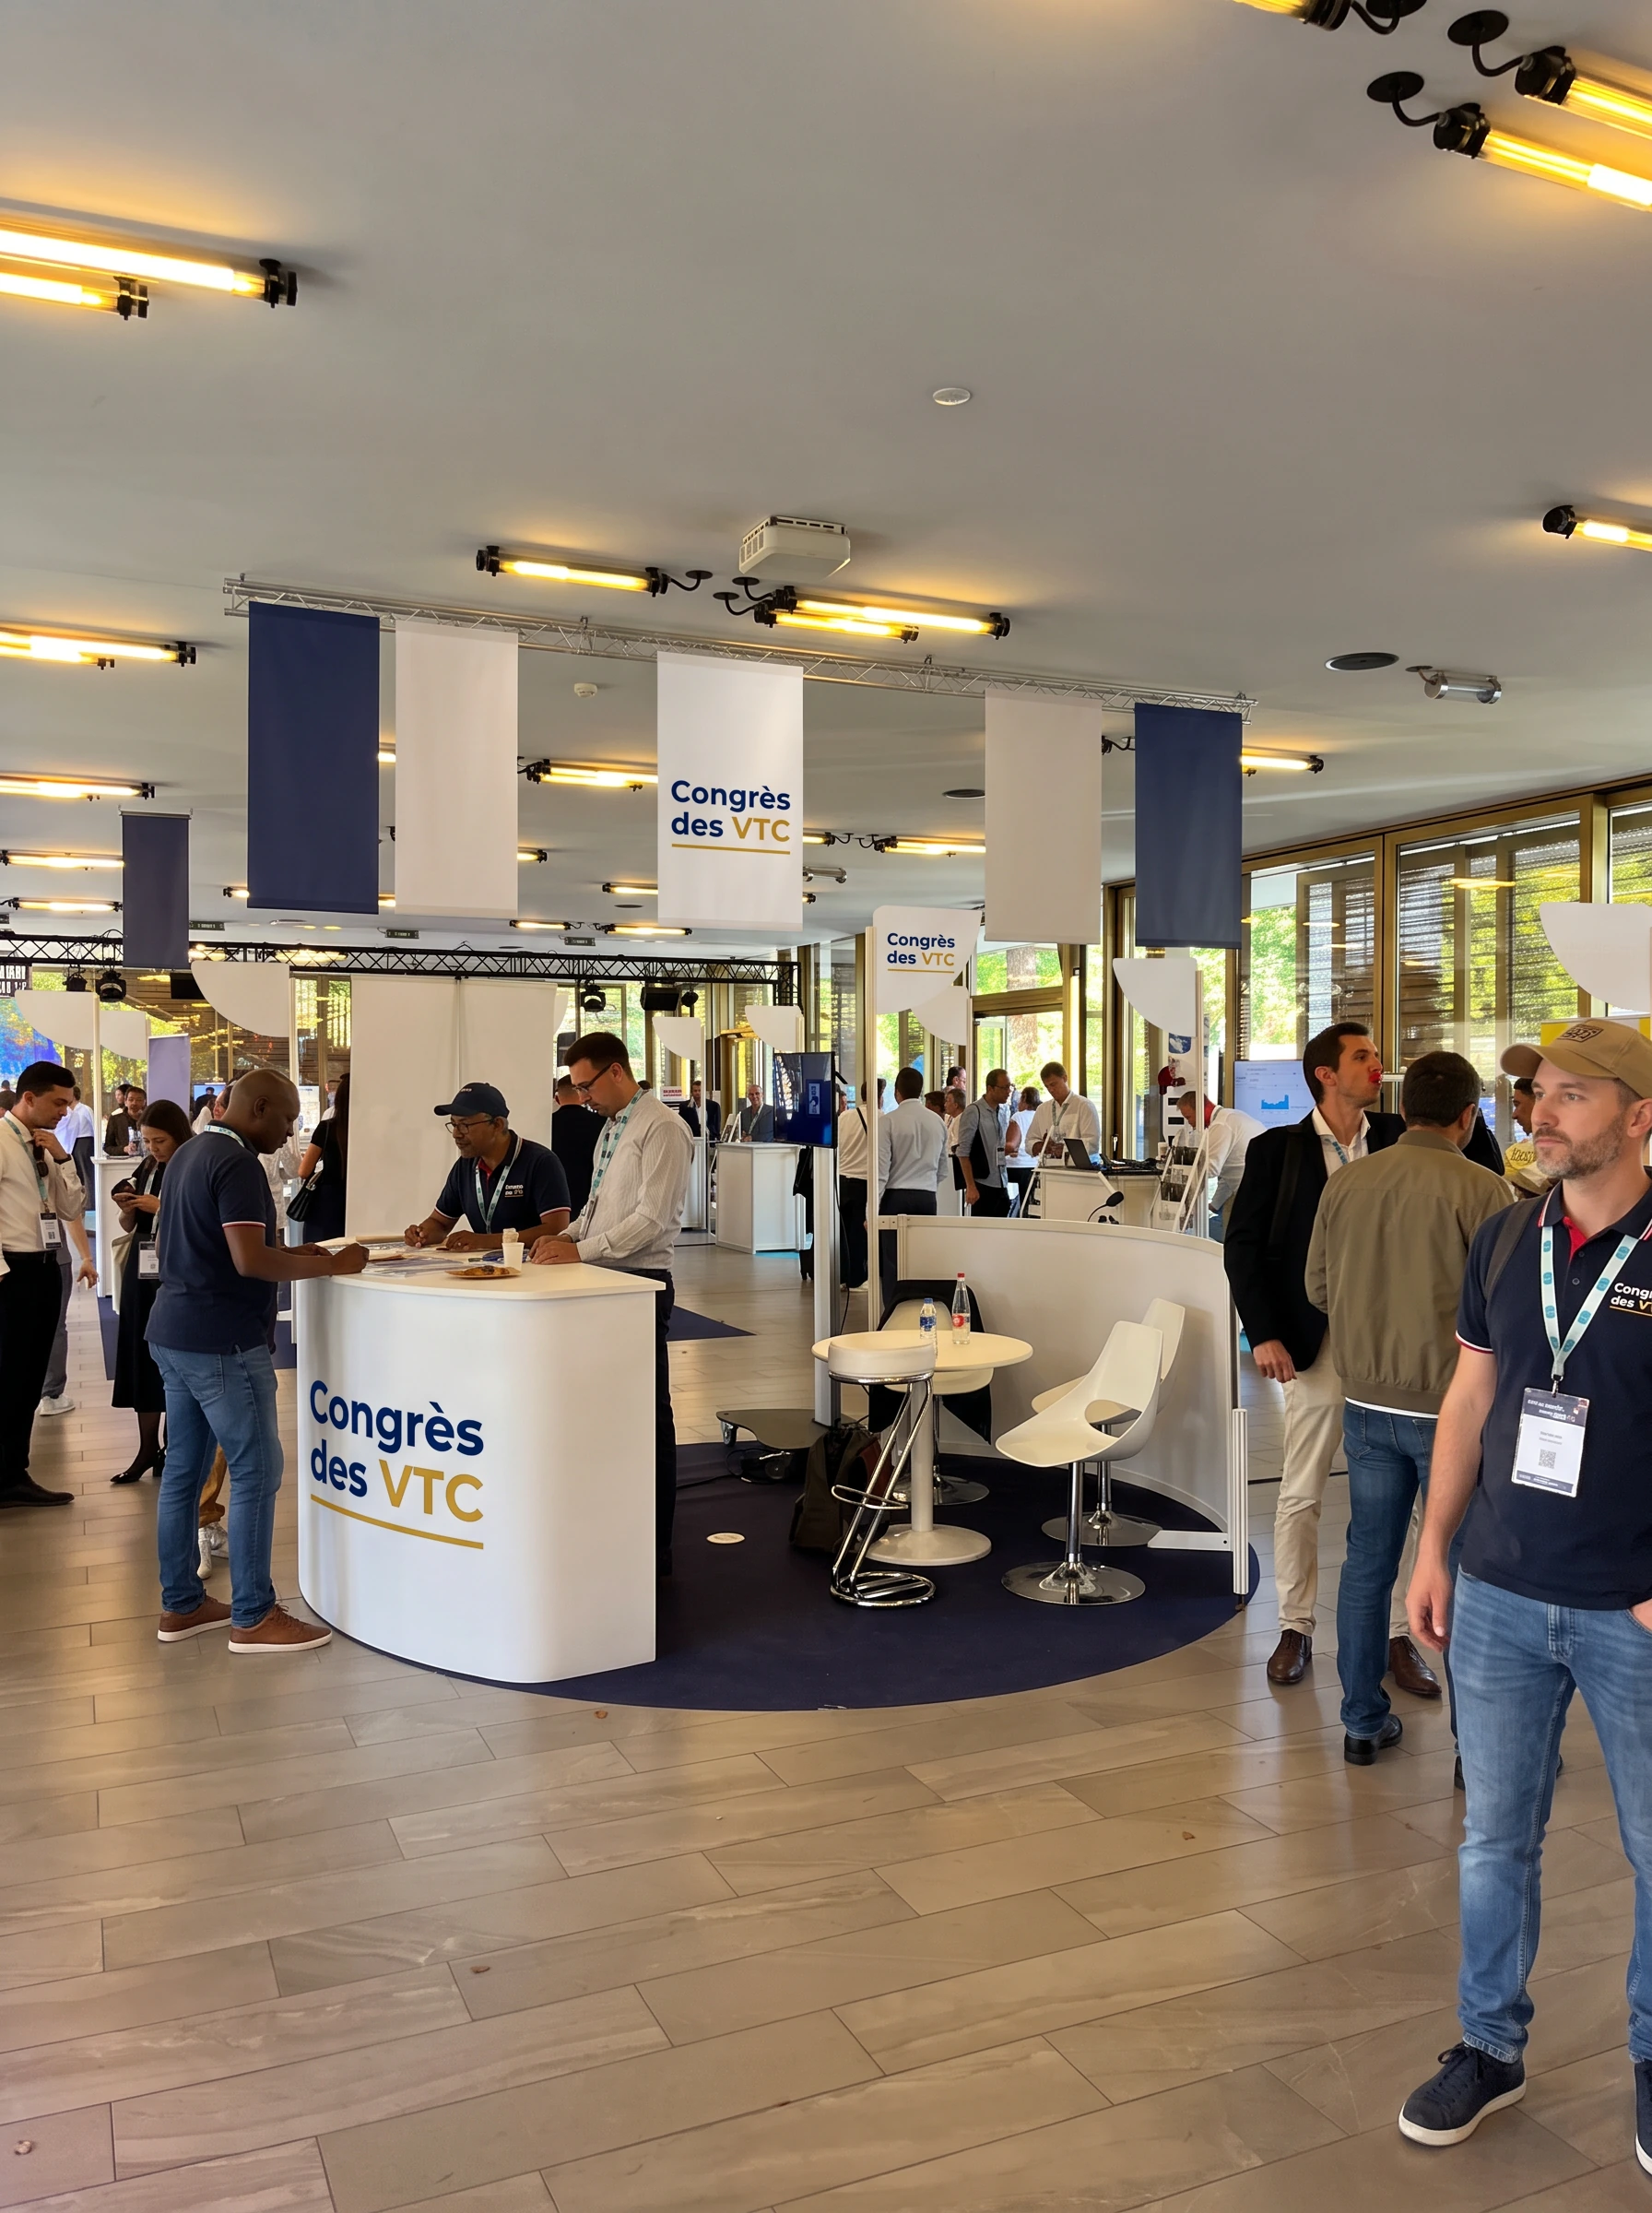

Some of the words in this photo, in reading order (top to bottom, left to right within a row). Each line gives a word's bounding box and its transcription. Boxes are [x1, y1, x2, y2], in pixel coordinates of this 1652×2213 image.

[670, 779, 791, 813] Congrès
[670, 811, 724, 838] des
[732, 816, 790, 843] VTC
[887, 932, 956, 951] Congrès
[887, 950, 917, 964] des
[922, 952, 955, 967] VTC
[1610, 1295, 1635, 1308] des
[310, 1379, 484, 1457] Congrès
[310, 1438, 369, 1498] des
[378, 1458, 484, 1523] VTC
□ □ □ □ □ □ □
• _Exercise objective_: Pictures must not appear in the copy, and every record must be restated word for word.

• _Answer space_:
Some of the words in this photo, in reading order (top to bottom, left to right within a row). Each line gives a word's bounding box and its transcription. Boxes are [x1, y1, x2, y2], in pixel coordinates of this 1652×2213 image.

[670, 779, 791, 813] Congrès
[670, 811, 724, 838] des
[732, 816, 790, 843] VTC
[887, 932, 956, 951] Congrès
[887, 950, 917, 964] des
[922, 952, 955, 967] VTC
[1610, 1295, 1635, 1308] des
[310, 1379, 484, 1457] Congrès
[310, 1438, 369, 1498] des
[378, 1458, 484, 1523] VTC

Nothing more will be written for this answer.